The accident occurred at around 9:20 am (0620 GMT) in Espoo, near the capital, Helsinki, when wooden planks are believed to have given way and the group fell five to six metres (feet) onto the carriageway of the small side road.
Most of the injured were eighth-year pupils aged around 14 or 15, who were on a school field trip, city officials said. Their teacher was among the injured.
Twenty-four people were taken to various hospitals in the Helsinki region.
"No one has life-threatening injuries," Helsinki hospital service HUS said, adding that the majority had limb fractures.
"There has been no indication of any risk of paralysis but there are some head injuries involved as well," HUS medical director Eero Hirvensalo told reporters.
Photos from the scene showed the sides of the footbridge largely intact but a gaping hole across half of it and a pile of wooden planks in a jumble under one end.
Rescue workers could be seen treating multiple people lying injured on the road shortly after the accident.
- Cause unknown -
The cause of the collapse has not been confirmed and is being investigated, the Espoo city authorities said.
"I saw the bridge was no longer up and many people (were) on the ground," Jaakko Markkula, who lives on the fifth floor of a building near where the accident took place, told AFP.

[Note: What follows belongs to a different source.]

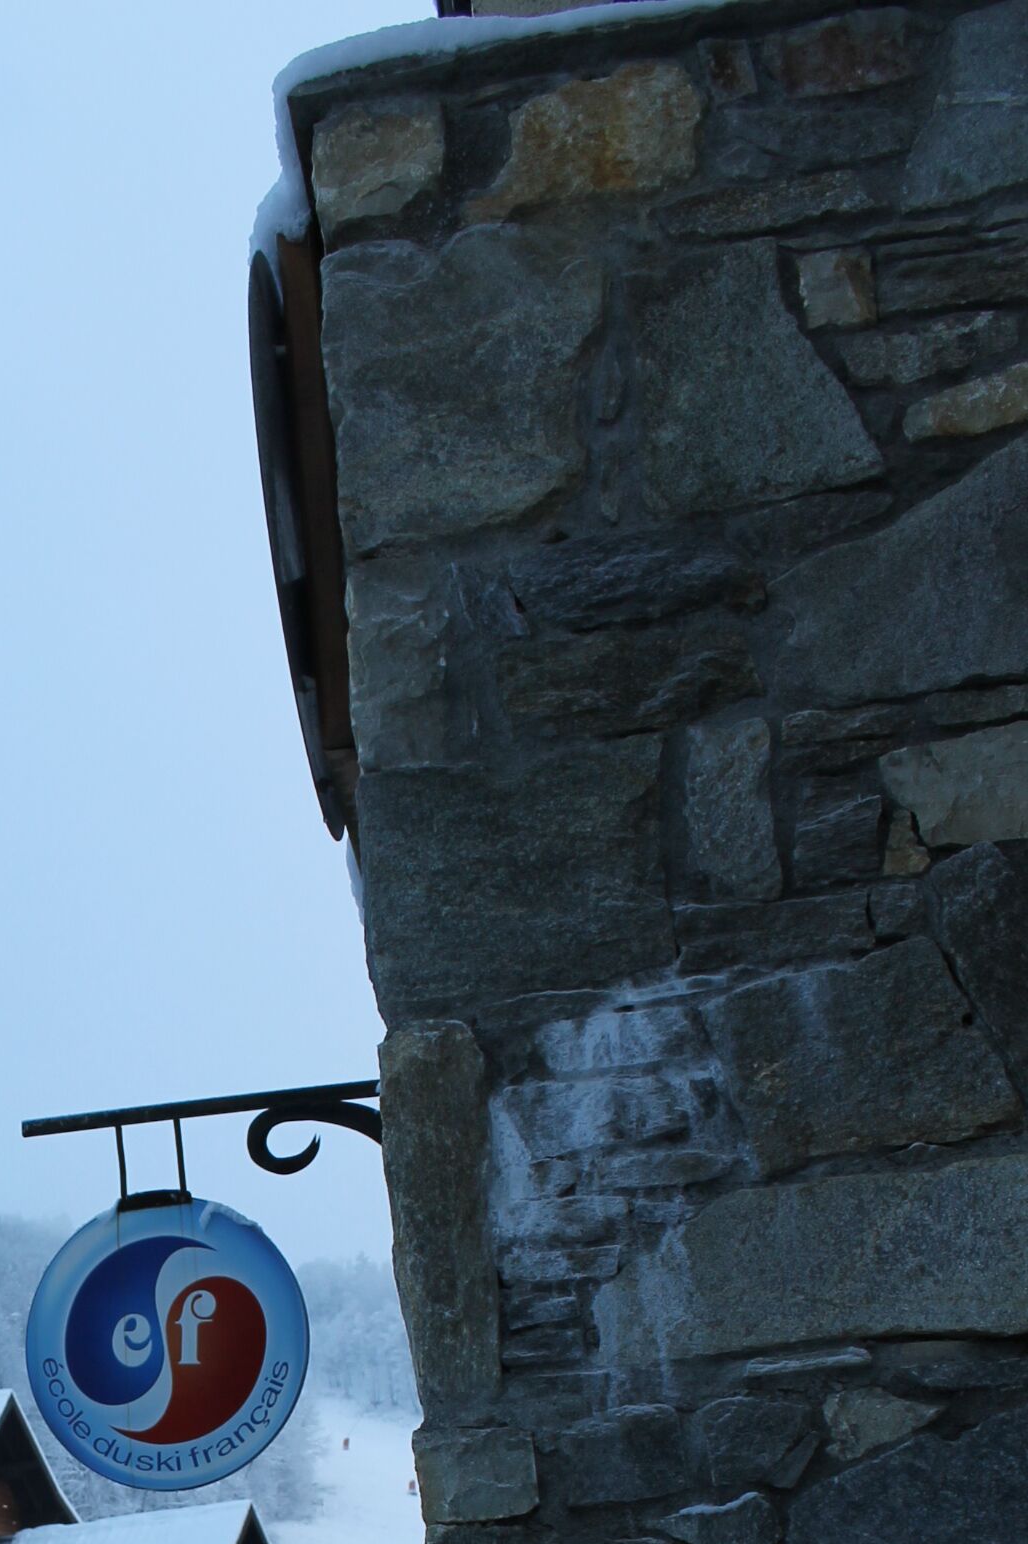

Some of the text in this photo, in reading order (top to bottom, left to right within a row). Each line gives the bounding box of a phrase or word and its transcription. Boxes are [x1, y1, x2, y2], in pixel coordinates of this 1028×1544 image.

[42, 1357, 289, 1472] école du ski français
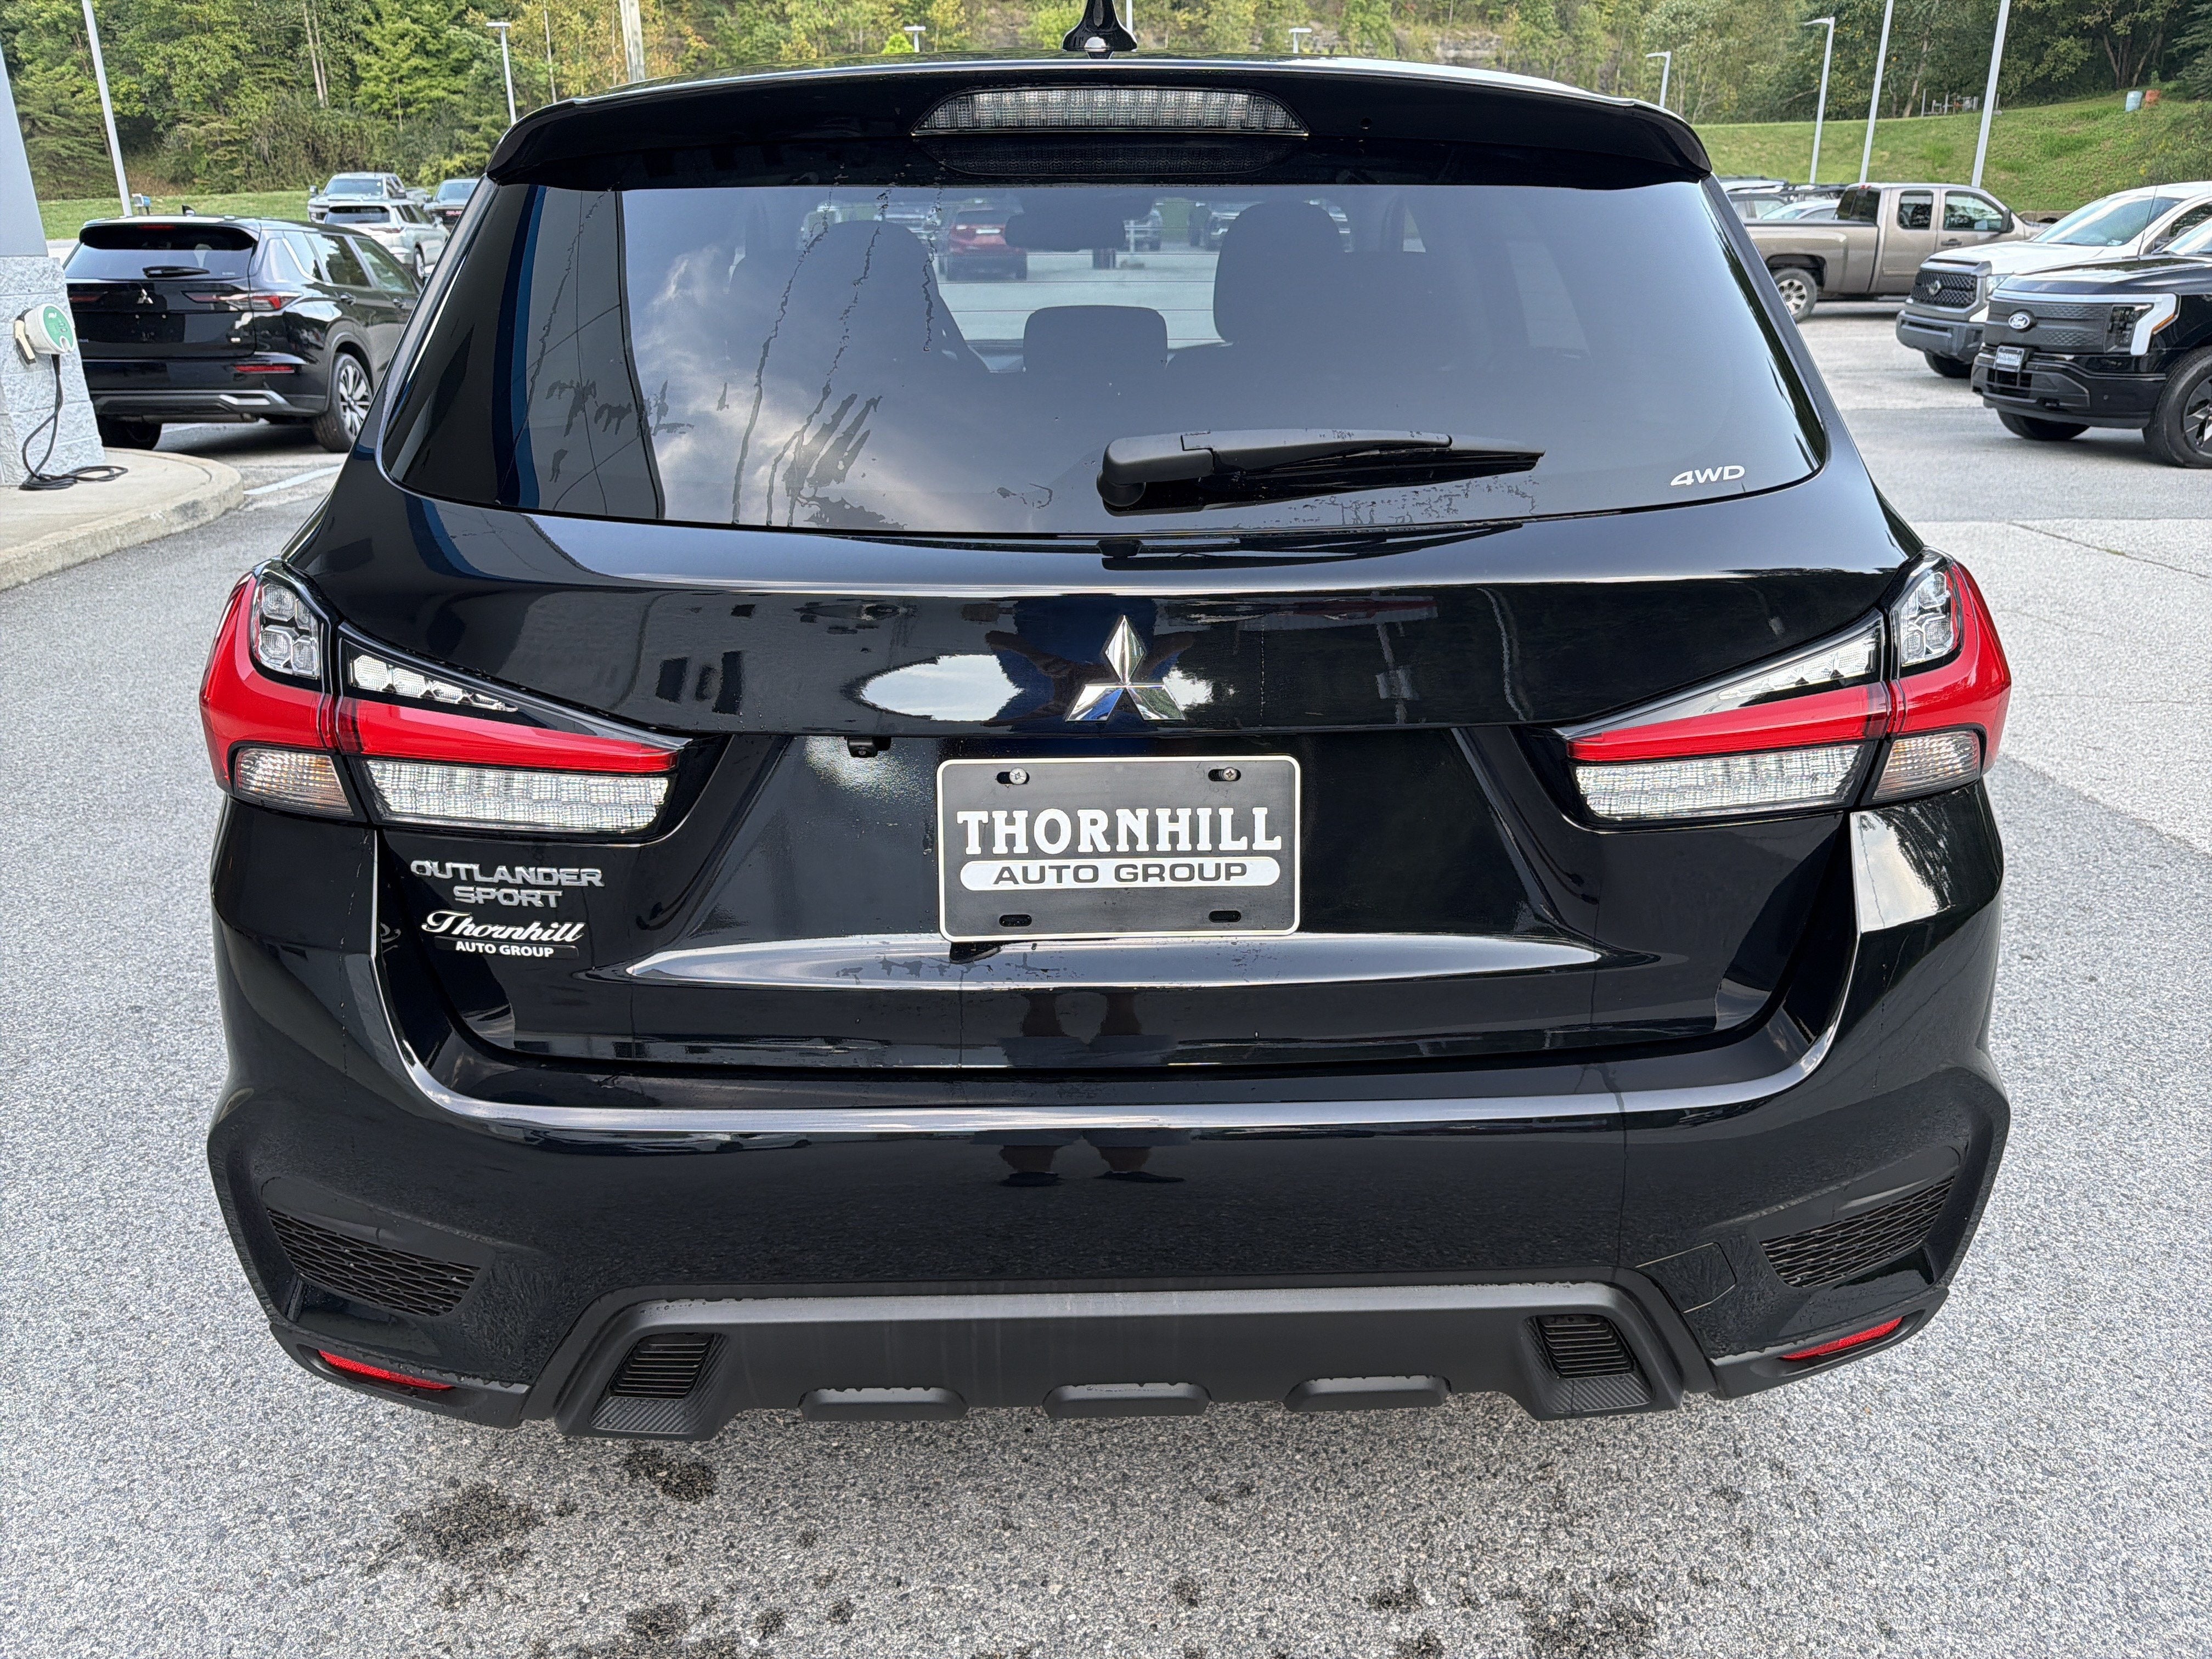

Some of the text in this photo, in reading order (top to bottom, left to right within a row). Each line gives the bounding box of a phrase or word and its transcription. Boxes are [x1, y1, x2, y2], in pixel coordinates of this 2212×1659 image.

The head of the Helsinki city education department, Satu Jarvenkallas, told AFP the injured were pupils from the Kalasatama comprehensive school in the capital.
"They were on a normal field trip to the Emma Art Museum. And then the accident took place," she said.
A crisis team has been set up at the school, she added.
The city of Espoo said weekly inspections had been conducted on the structure, most recently on May 5.
The contractor whose company built the bridge, Jarno Tuuri, told the Iltalehti daily "nothing out of the usual was observed" during the weekly checks.
"The situation is of course very bad. We're now checking all the structures and making the necessary additional reinforcements," he said.
"We're assisting the authorities in every way we can," he added.
The director of Espoo city services, Jukka Makela, expressed his "regrets" to the injured, adding: "This simply should not happen."